• Your task
Look below for the line containing "this 2352×1568 image.". Reproduce it and every line after it exactly, and nothing more.

(Items from a dataset)

= Beginning of Section =

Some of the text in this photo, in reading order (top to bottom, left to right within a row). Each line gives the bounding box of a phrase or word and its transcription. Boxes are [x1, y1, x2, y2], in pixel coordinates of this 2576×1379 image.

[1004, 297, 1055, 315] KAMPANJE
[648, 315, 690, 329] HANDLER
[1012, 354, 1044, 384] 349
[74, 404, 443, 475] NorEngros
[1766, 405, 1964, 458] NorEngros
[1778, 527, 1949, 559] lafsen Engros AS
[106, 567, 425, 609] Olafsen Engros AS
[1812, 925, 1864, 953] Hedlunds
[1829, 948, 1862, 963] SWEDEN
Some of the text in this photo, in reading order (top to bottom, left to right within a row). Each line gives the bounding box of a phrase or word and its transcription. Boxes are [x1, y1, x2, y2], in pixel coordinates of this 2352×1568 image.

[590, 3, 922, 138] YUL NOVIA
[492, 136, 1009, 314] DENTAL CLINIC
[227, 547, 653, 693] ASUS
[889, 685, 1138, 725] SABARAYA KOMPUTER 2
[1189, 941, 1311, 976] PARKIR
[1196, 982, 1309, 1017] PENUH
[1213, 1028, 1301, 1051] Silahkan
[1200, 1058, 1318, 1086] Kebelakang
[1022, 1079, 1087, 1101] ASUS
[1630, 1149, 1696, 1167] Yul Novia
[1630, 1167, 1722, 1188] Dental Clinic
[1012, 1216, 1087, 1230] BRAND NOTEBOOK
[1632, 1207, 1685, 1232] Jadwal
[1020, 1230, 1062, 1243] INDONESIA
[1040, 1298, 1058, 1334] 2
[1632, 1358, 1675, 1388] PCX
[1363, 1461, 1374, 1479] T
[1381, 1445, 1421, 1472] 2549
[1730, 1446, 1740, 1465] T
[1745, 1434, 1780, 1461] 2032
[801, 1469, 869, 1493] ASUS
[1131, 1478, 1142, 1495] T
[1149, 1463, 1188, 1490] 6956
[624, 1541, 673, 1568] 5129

= End of Section =

• Answer below
Some of the text in this photo, in reading order (top to bottom, left to right within a row). Each line gives the bounding box of a phrase or word and its transcription. Boxes are [x1, y1, x2, y2], in pixel coordinates of this 2352×1568 image.

[590, 3, 922, 138] YUL NOVIA
[492, 136, 1009, 314] DENTAL CLINIC
[227, 547, 653, 693] ASUS
[889, 685, 1138, 725] SABARAYA KOMPUTER 2
[1189, 941, 1311, 976] PARKIR
[1196, 982, 1309, 1017] PENUH
[1213, 1028, 1301, 1051] Silahkan
[1200, 1058, 1318, 1086] Kebelakang
[1022, 1079, 1087, 1101] ASUS
[1630, 1149, 1696, 1167] Yul Novia
[1630, 1167, 1722, 1188] Dental Clinic
[1012, 1216, 1087, 1230] BRAND NOTEBOOK
[1632, 1207, 1685, 1232] Jadwal
[1020, 1230, 1062, 1243] INDONESIA
[1040, 1298, 1058, 1334] 2
[1632, 1358, 1675, 1388] PCX
[1363, 1461, 1374, 1479] T
[1381, 1445, 1421, 1472] 2549
[1730, 1446, 1740, 1465] T
[1745, 1434, 1780, 1461] 2032
[801, 1469, 869, 1493] ASUS
[1131, 1478, 1142, 1495] T
[1149, 1463, 1188, 1490] 6956
[624, 1541, 673, 1568] 5129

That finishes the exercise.